##### Records for the exercise

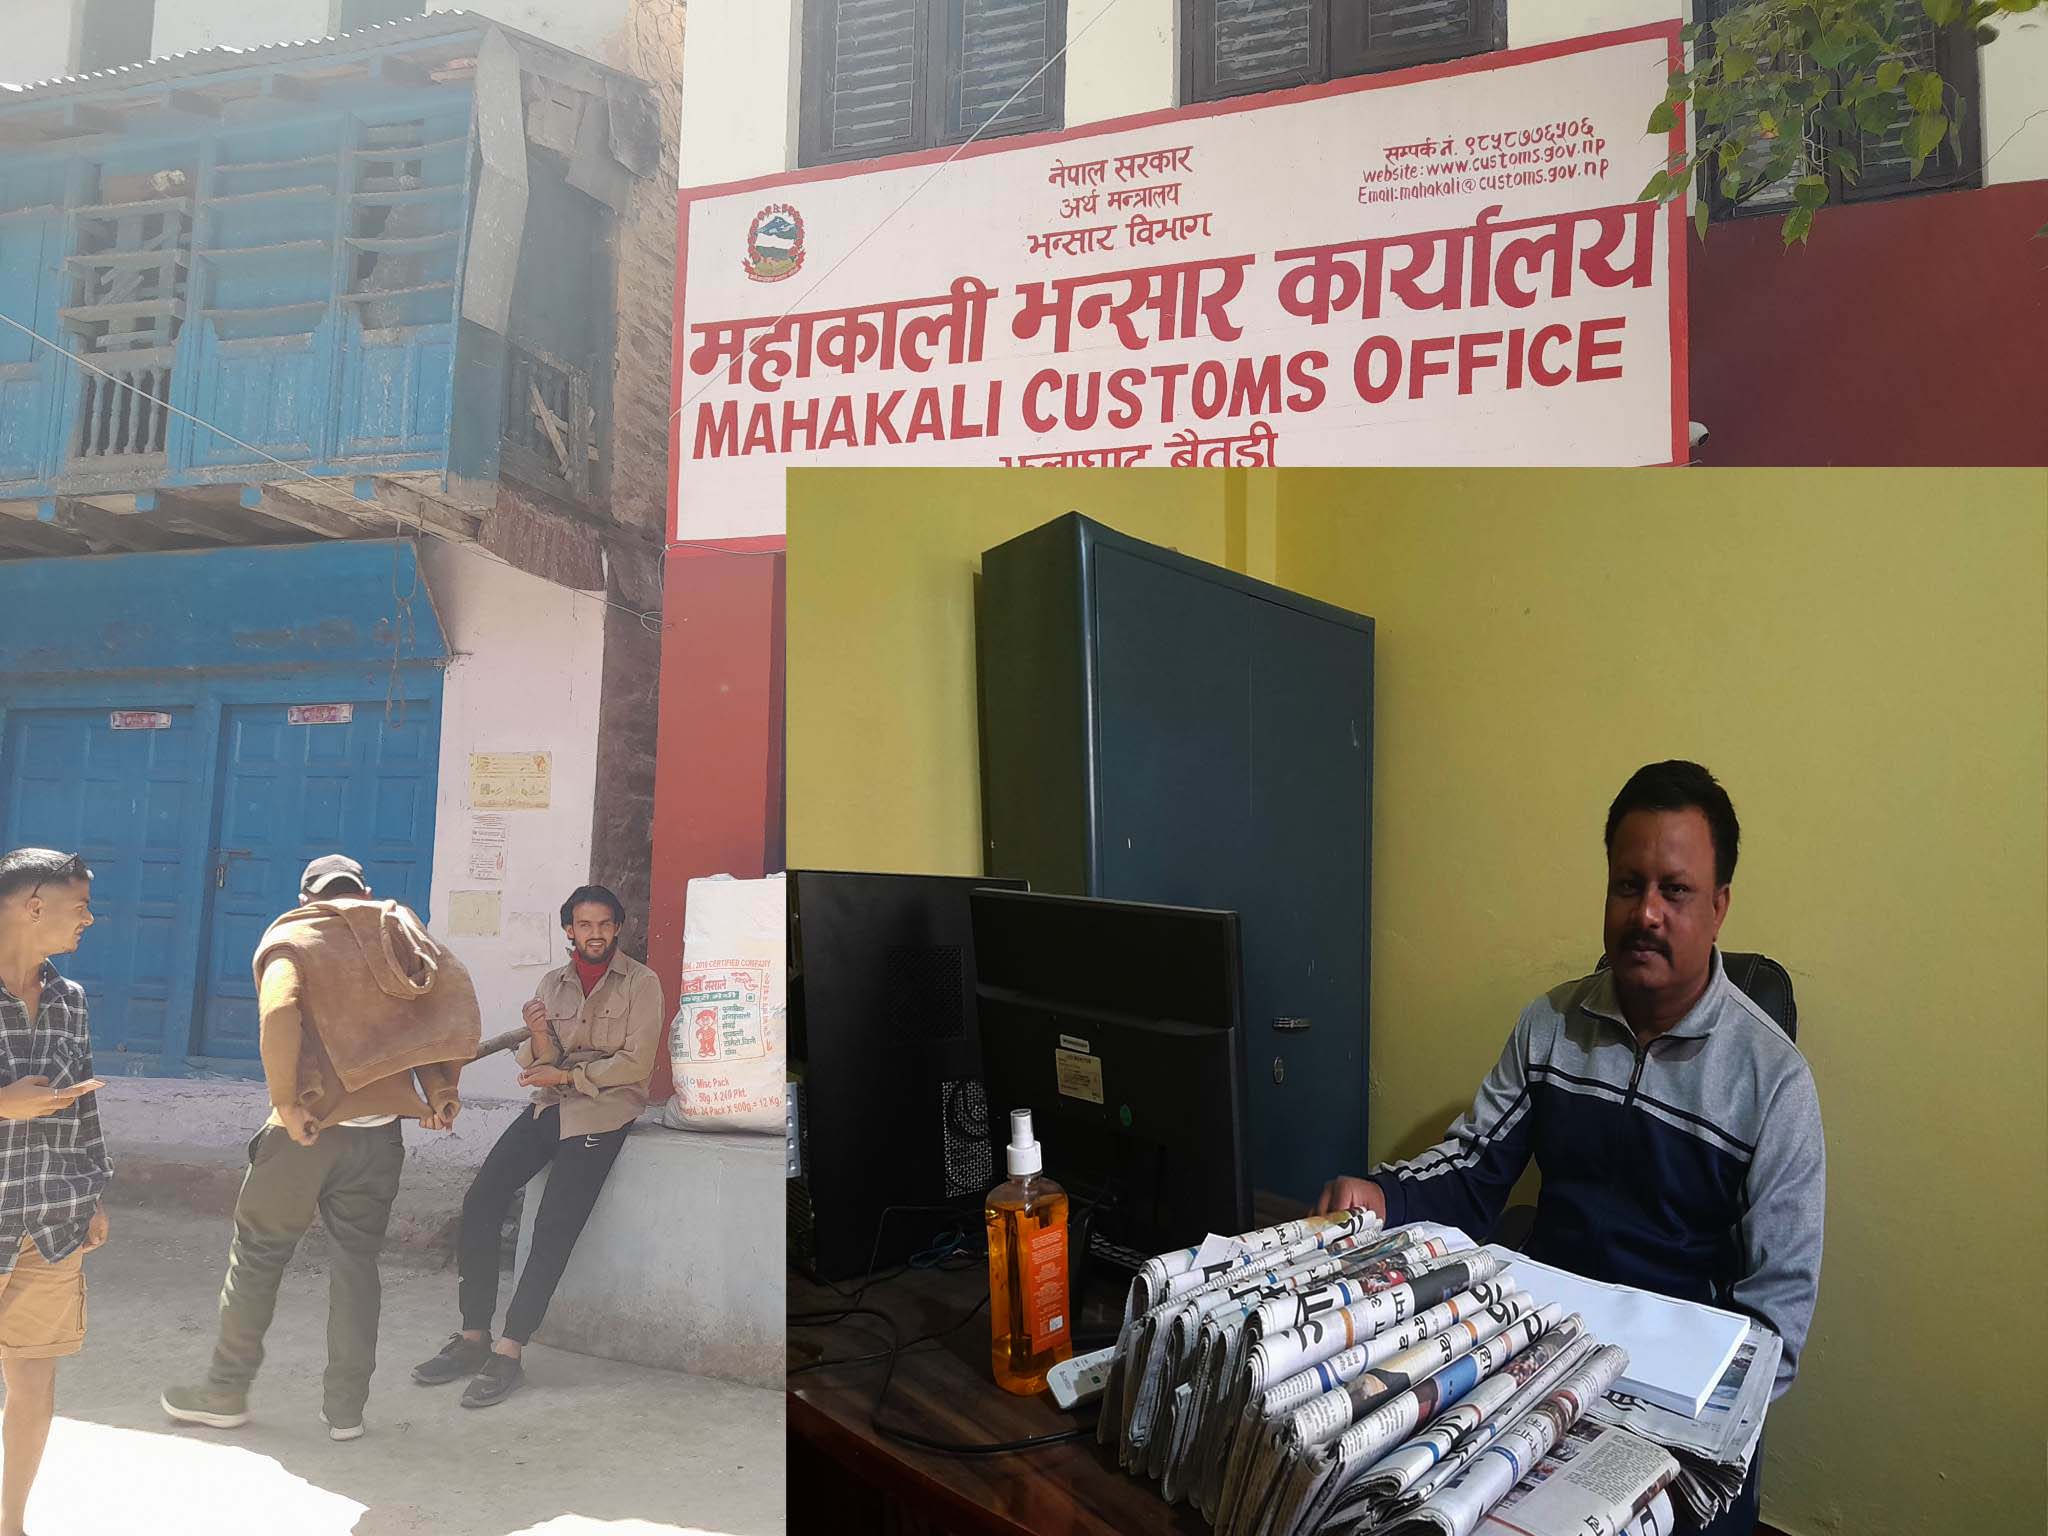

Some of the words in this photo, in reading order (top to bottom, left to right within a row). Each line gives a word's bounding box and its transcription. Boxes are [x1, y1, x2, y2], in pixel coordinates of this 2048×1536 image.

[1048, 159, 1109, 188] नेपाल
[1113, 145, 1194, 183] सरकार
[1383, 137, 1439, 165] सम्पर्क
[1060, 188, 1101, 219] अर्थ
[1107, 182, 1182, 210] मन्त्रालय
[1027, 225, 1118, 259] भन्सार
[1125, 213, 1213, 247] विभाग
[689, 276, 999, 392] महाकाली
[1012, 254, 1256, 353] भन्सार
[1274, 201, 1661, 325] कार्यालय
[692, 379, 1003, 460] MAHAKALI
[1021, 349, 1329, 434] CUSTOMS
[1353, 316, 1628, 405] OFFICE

##########

### [Requirement]
From the first line to the last, set down the records word for word and drop the images.

### [Output of the exercise]
Some of the words in this photo, in reading order (top to bottom, left to right within a row). Each line gives a word's bounding box and its transcription. Boxes are [x1, y1, x2, y2], in pixel coordinates of this 2048×1536 image.

[1048, 159, 1109, 188] नेपाल
[1113, 145, 1194, 183] सरकार
[1383, 137, 1439, 165] सम्पर्क
[1060, 188, 1101, 219] अर्थ
[1107, 182, 1182, 210] मन्त्रालय
[1027, 225, 1118, 259] भन्सार
[1125, 213, 1213, 247] विभाग
[689, 276, 999, 392] महाकाली
[1012, 254, 1256, 353] भन्सार
[1274, 201, 1661, 325] कार्यालय
[692, 379, 1003, 460] MAHAKALI
[1021, 349, 1329, 434] CUSTOMS
[1353, 316, 1628, 405] OFFICE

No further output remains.